Remarkable as it is, I believe this avowal. She was selfless in the positive sense of being able to pay attention to other people’s deep needs and selfless in the negative sense of not being well enough acquainted with her self to provide herself with so much of what she needed.

If you have not made the acquaintance of your needs, then it is going to be very hard, indeed, for you to do a good or even adequate job of meeting those needs.

This issue has a great deal to do with why, in the face of her enormous loss, she found herself persistently suicidal and barely goes on living.

We are not static, but rather have elements of continuity and of discontinuity. We are and are not same person as teenagers and as persons in our fifties who have a vastly larger and more complicated storehouse of experience, not to mention, quite possibly, new and different responsibilities to and for other people.

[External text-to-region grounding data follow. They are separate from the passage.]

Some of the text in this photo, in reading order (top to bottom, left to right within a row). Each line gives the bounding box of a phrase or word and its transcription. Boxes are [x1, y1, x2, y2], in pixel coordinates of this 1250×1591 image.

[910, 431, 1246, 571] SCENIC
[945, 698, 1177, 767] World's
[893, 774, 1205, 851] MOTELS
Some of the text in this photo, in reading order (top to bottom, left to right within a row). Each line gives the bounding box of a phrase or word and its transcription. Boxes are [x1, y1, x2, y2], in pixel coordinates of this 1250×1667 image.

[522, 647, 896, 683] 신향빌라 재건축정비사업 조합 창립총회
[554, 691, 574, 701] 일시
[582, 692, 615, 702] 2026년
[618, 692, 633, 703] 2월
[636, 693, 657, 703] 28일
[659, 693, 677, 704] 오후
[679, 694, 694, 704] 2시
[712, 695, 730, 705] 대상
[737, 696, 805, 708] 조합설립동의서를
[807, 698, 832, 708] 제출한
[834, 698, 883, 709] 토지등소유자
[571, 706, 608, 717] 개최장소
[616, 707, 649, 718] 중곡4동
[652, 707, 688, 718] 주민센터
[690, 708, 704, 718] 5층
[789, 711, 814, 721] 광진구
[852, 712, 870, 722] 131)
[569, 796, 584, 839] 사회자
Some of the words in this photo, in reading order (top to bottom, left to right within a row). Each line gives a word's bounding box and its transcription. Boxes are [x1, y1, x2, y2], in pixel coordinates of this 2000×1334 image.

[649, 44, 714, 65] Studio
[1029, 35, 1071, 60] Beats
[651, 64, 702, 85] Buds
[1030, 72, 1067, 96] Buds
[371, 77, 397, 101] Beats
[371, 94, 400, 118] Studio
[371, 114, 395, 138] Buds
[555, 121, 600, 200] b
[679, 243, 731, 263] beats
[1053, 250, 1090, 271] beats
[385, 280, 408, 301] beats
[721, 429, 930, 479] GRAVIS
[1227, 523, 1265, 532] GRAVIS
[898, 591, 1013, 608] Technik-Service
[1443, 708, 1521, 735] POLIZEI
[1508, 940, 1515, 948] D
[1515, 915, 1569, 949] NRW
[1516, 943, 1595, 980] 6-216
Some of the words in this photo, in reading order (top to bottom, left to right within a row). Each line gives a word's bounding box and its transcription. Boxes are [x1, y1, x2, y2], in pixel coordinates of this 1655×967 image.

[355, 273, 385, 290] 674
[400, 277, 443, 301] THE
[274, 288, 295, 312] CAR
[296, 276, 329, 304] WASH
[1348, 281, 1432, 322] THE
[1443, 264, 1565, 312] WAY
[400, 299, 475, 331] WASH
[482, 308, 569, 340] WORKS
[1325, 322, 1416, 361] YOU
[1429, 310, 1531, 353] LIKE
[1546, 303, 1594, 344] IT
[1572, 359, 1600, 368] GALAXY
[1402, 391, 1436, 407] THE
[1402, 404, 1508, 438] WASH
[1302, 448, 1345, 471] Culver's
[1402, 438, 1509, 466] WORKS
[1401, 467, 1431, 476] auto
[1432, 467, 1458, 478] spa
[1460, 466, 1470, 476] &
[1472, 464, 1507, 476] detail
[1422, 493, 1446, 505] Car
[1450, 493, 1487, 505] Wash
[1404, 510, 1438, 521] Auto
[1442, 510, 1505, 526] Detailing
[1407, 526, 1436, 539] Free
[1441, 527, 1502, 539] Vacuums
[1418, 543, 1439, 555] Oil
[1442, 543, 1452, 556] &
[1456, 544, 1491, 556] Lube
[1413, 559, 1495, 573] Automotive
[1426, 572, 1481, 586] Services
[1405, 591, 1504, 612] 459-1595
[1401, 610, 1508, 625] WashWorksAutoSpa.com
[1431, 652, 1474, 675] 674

From developmental stage to developmental stage, we require adaptations, a second look and then perhaps a third and fourth look at aspects of ourselves. In order to be able to deal well with the world, we must be able to deal with ourselves, as we were and as we are.

Perhaps it could be said that we are not indulging ourselves when we pay attention to ourselves and do necessary maintenance and repairs on ourselves in psychotherapy any more than we are indulging our cars when we take them in for servicing.

A patient says, “I was in therapy twenty years ago and I worked all this through and I can’t believe that here I am again with the same set of problems. Did I not work it through? I sure thought that I had. Am I just indulging myself sitting here with the same old complaints.”

What is not so clear to this patient is that he is not quite who he was twenty years ago. The world has changed and so has the world inside him. Life now makes different demands on him and he asks somewhat different things of himself and of the world. As a result he comes at the old problems from a slightly or more than slightly changed angle.

So the old problems have a new look. His way of looking is changed , too. So his psychological troubles, his aching quandaries are the same but different, maddeningly familiar and newly vexing all at once. The old insights have their place, but they must find a new context.

The fact that psychotherapy worked for him two decades ago is a positive prognostic sign, despite his worry that it is nothing but self-indulgence. Actually, it could be argued that his not coming to therapy, but instead bottling up his concerns inside and denying them, would be a more dangerous form of self-indulgence.

Allied to the worry that psychotherapy is only self-indulgent is often a hint or more
than a hint of grandiosity. The notion of a self-sufficient self, a way of being in which need for interchange with others in the areas that are
problematic for a person does not exist, is at once a grandiose notion and a form of self-starvation.

We are built to need. We are built to communicate. We are built to be interdependent. We are built both to have problems and to have possibilities.
The benefits of other minds and other hearts are essential to us.

Psychotherapy, at its best, is a selfy process that is tailored to the realities of our situations as human beings who are small, suffering, confused, but also very resourceful. If it indulges us, it indulges our actual natures and helps us open up new developmental pathways.